15. Ф. Инфантэ-Арана. Серия «Зеркала». 1980-е гг.
16. Б. Михайлов. Из серии «Case history». 1980-е гг.
Два из последних приведенных нами примеров парадоксальны: осуществление перенесения смыслов происходит в ситуации, когда в первом случае (с Ф. Инфантэ-Арана) отсутствует значимый третий (косвенный нарратор), а во втором (с Б. Михайловым) – само зеркало (хотя его отчасти и заменяет зеркальная аналоговая фотокамера). Тем не менее, оба они показательны, потому что даже в ситуации редукции одного из «участников» коммуникации благодаря наличию зеркальности на семиотическом уровне сохраняется принцип трехчленности косвенной повествовательной структуры – визуального аналога людских пересудов.

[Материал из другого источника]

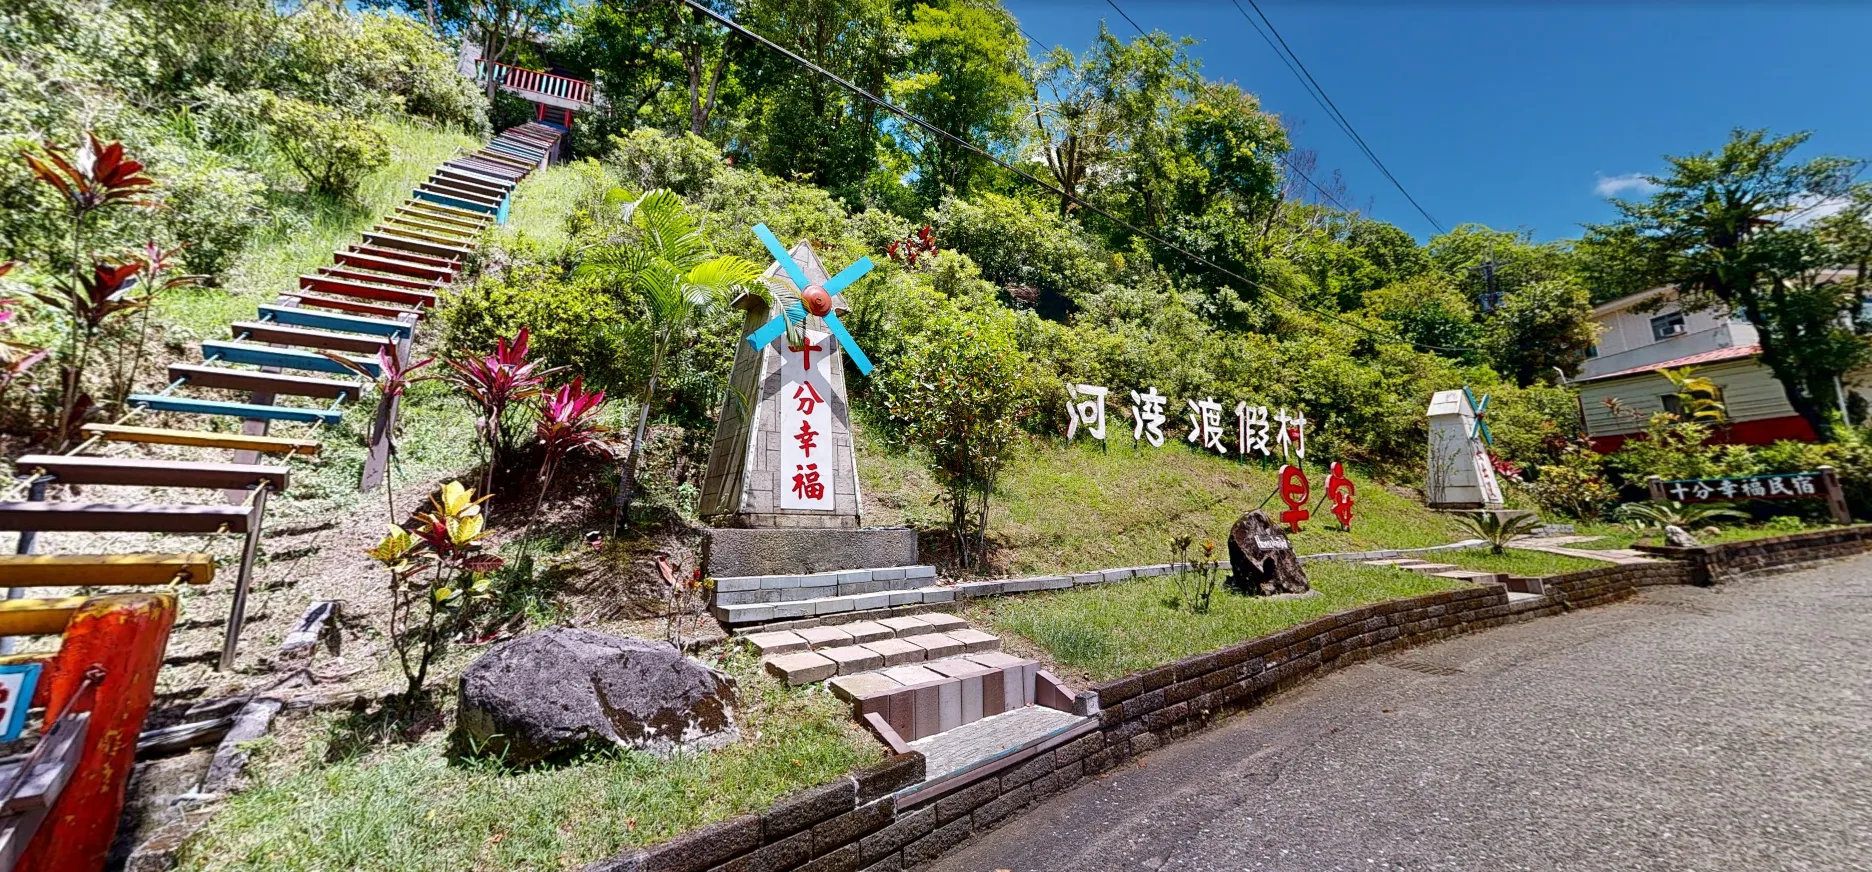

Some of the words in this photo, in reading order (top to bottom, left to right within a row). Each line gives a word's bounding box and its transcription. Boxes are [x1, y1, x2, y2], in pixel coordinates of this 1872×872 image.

[788, 337, 825, 500] 十分幸福
[1670, 475, 1816, 500] 十分幸福民宿
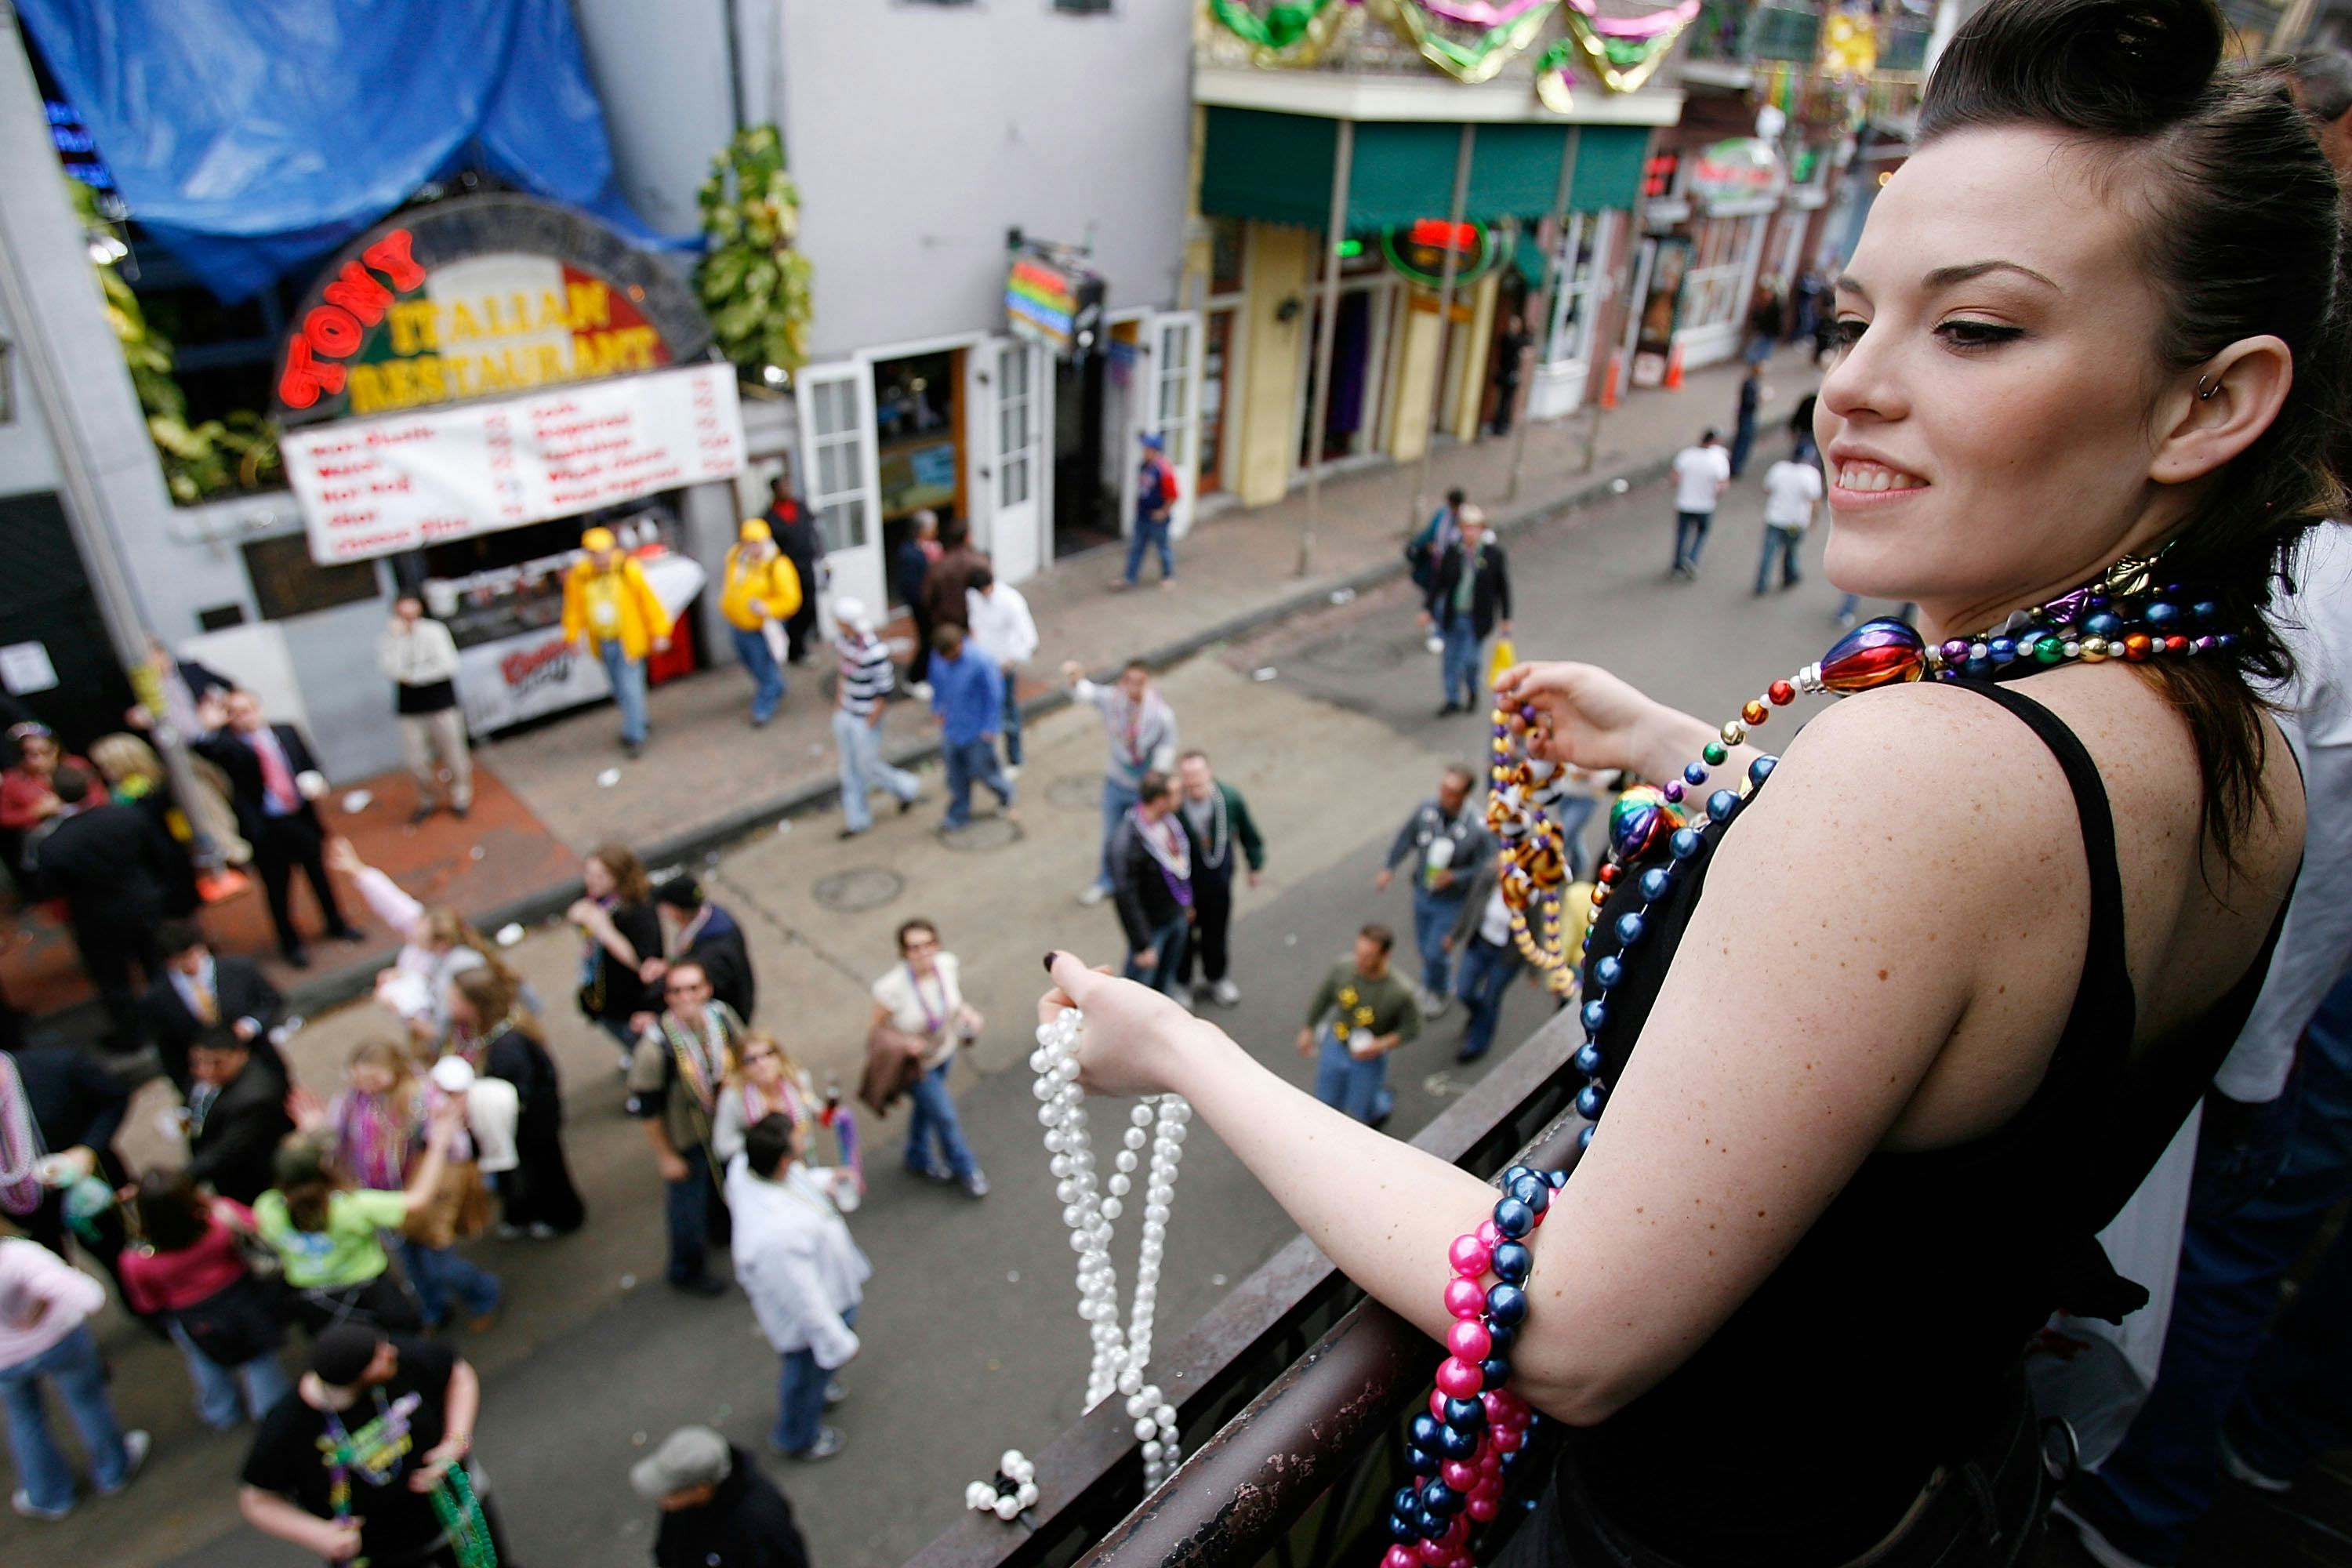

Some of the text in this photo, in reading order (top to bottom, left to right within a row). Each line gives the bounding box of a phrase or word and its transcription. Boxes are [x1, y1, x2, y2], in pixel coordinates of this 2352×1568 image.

Глава 3. «Письмо» и «речь» в живописном цикле Михаила ЛарионоваШироко известный и часто цитируемый призыв Велимира Хлебникова «Хочу, чтобы слово смело пошло за живописью», применительно к раннему авангарду следовало бы дополнить – если исходить из реальных условий, которые в 1910-е годы сложились в художественной жизни – и встречным призывом: «Хочу, чтобы и живопись смело пошла за словом». Хотя пространственные формы искусства тогда лидировали, приходя в резонанс с синтагматической поэтикой исторического авангарда в литературе, вербальный компонент, в свою очередь, определил многое в живописи, что не раз отмечалось исследователями [Бобринская 2003; Бобринская 2006; Григорьева 2005; Злыднева 2008а; Флакер 2008 и другие]. Став частью изобразительной композиции, знаки письменности (алфавитного письма – слова и буквы) пришли в резонанс с тенденцией к созданию дискретности формы, общей и для неопримитивистов, и для кубофутуристов, и для беспредметности. Между тем, поэтика раннего авангарда в изобразительном искусстве тяготела не только к письменному слову (слову-вещи), но и к вербальной речи. Это характерно для неопримитивизма, особенно Михаила Ларионова, творчество которого в 1910-е годы было во многом ориентировано на устную народную традицию. Кроме того, речь может идти о внедрении не просто слова, а поэтического слова в структуру живописного текста. С известным допущением к закономерностям построения формы в изображении можно применить понятие тесноты стихового ряда, выдвинутое Ю. Н. Тыняновым еще в 1924 году [Тынянов 1924]: аналогично словам в поэтическом тексте фрагменты изображения под воздействием соседних «рядов» меняют свою семантику. В изобразительной композиции формы складываются в своего рода «рифмы», и образуются сдвиги значений, расширение семантического поля под воздействием соседних полей и общего контекста (включая и контекст внешний, а именно – собственно литературной/художественной традиции).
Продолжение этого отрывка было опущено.